OK, I just sent in my entry form for the Cabelas , Dundee, Mi cook on 07/07-/7/08. I hadda pay by credit card so there is no backing out! $200 is quite a bit steeper than Grand Rapids, but the prize $$ is good! So, Puff and Bruce, see you there! Looks like I'll be buying a prime rib for Bruce! Greg, you don't need to commit, but you are welcome to come along if you can. Kloset, you doing this one, or GR?


----------



## Bruce B (May 10, 2006)

I'll be there.


----------



## Puff1 (May 11, 2006)

I'm in!



What about Prime Rib for Puff =P~


----------



## LarryWolfe (May 12, 2006)

Puff said:
			
		

> I'm in!
> 
> 
> 
> What about Prime Rib for Puff =P~



I heard they're just giving you the bone!


----------



## Kloset BBQR (May 12, 2006)

Woodman said:
			
		

> OK, I just sent in my entry form for the Cabelas , Dundee, Mi cook on 07/07-/7/08. I hadda pay by credit card so there is no backing out! $200 is quite a bit steeper than Grand Rapids, but the prize $$ is good! So, Puff and Bruce, see you there! Looks like I'll be buying a prime rib for Bruce! Greg, you don't need to commit, but you are welcome to come along if you can. Kloset, you doing this one, or GR?

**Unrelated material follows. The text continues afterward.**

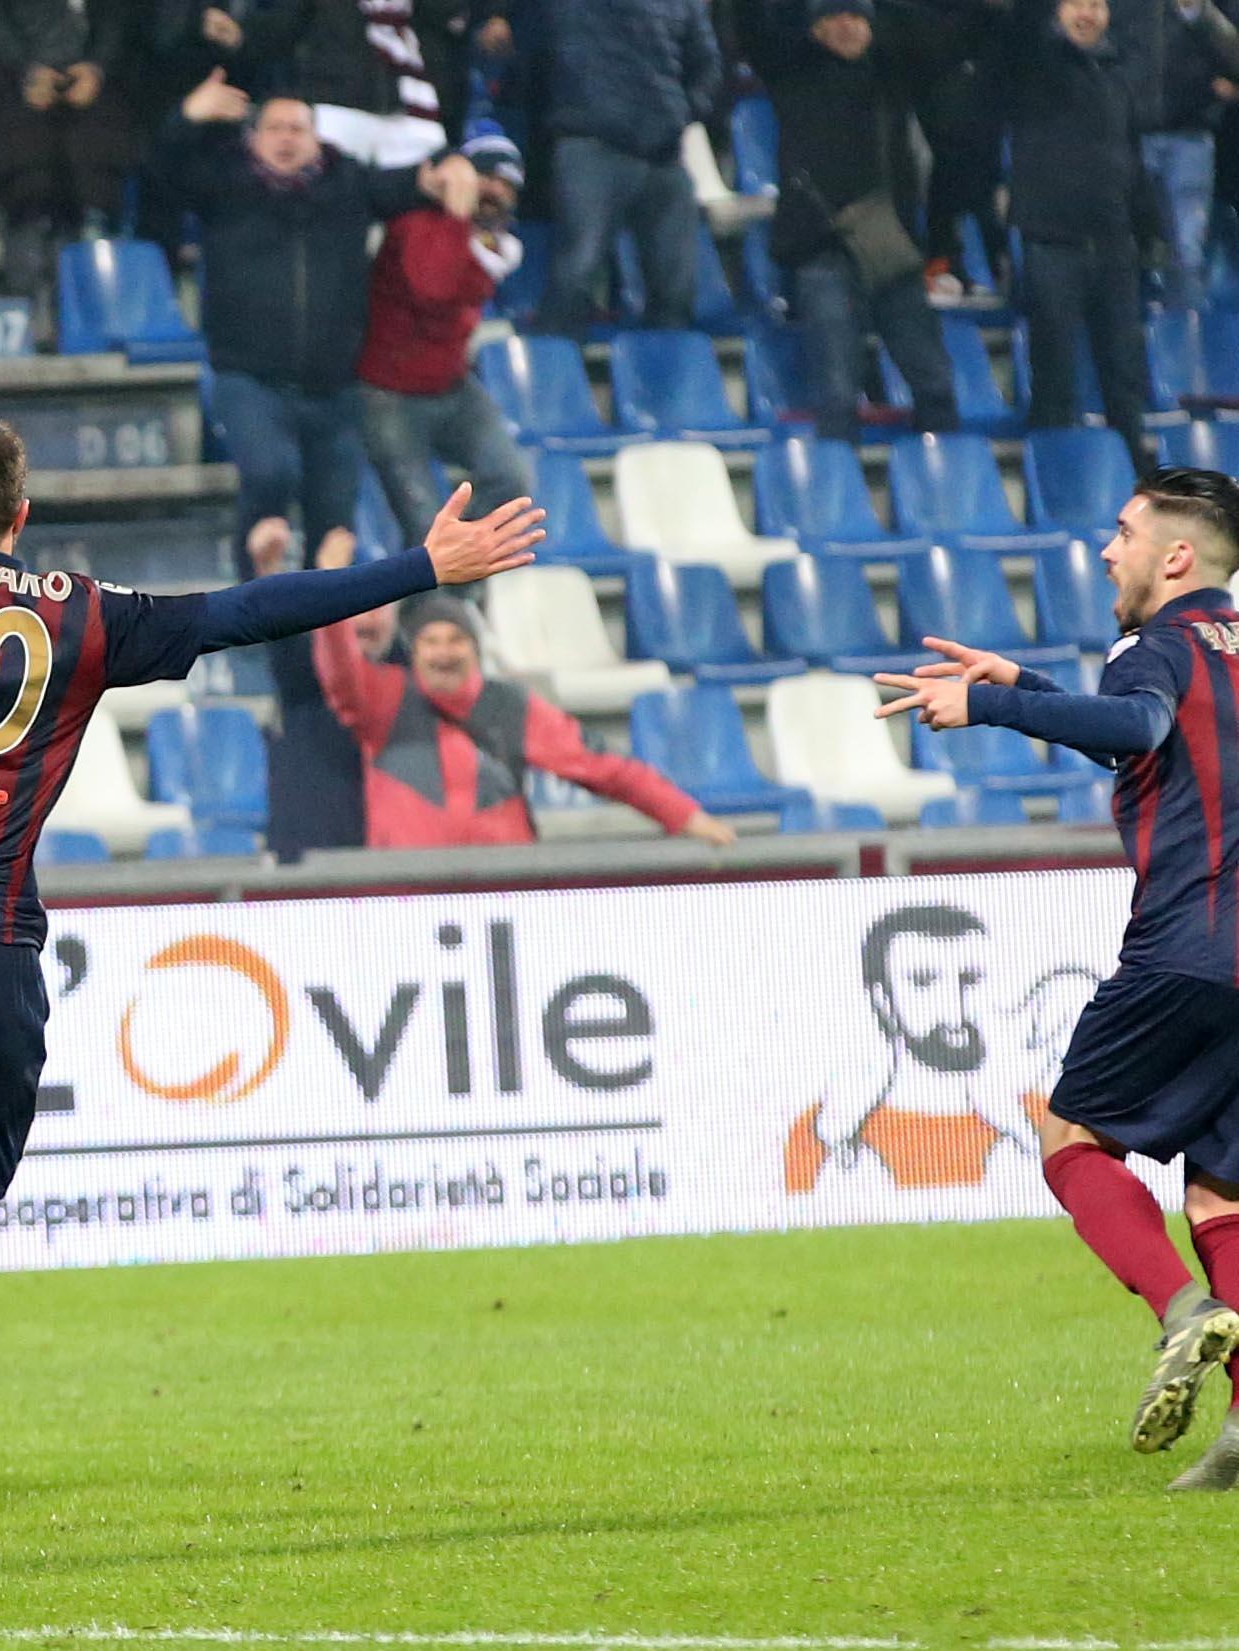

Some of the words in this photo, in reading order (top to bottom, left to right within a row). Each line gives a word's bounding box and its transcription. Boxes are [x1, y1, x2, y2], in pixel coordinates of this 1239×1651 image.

[77, 424, 107, 465] D
[230, 1162, 261, 1215] di
[525, 1145, 666, 1201] Sociale

I'm probably going to skip Grand Rapids because of the non-availability of electricity.  Do you have a link to the Dundee event?  Do you know if they
are providing electricity?


----------



## LarryWolfe (May 12, 2006)

Kloset BBQR said:
			
		

> Woodman said:
> 
> 
> 
> ...



It's time to put a generator on that new pit!! Make it self contained!   8-[


----------



## Kloset BBQR (May 12, 2006)

Larry,

The new cooker has a battery backup but it's only good for six hours.  I really don't feel like buying a generator for one cookoff.  All the events I cooked in last year had electric available except Michigan.  Ohio even had a free breakfast for the cooks. Oinktoberfest had free bags of Humphrey's lump and briquesttes and apple cider and t-shirts, so why can't Michigan supply electricity?  Now I know why Moe cooks his meat in his restaurant and brings it to the comp in the morning. :grin:


----------



## LarryWolfe (May 12, 2006)

Kloset BBQR said:
			
		

> Larry,
> 
> The new cooker has a battery backup but it's only good for six hours.  I really don't feel like buying a generator for one cookoff.  All the events I cooked in last year had electric available except Michigan.  Ohio even had a free breakfast for the cooks. Oinktoberfest had free bags of Humphrey's lump and briquesttes and apple cider and t-shirts, so why can't Michigan supply electricity?  Now I know why Moe cooks his meat in his restaurant and brings it to the comp in the morning. :grin:



Now that you mentioned the "facts" I'll have to agree with you!  Sounds like all of the other event organizers "catered" to the participants, but the ones in GR don't really care.  I think I'd pass too if I were you!


----------



## Bruce B (May 12, 2006)

Kloset BBQR said:
			
		

> Woodman said:
> 
> 
> 
> ...



Dallas, if memory serves me right (and there's a leap) electricity was available at Cabella's in Dundee.


----------



## Kloset BBQR (May 12, 2006)

Thank's Bruce.  I'll enter it if they have electricity.  Did you go to the event last year?  I heard a lot of great things about it from the participants but I see that the event was almost cancelled due to a less than enthusiastic crowd.  Many complaints about not getting free BBQ!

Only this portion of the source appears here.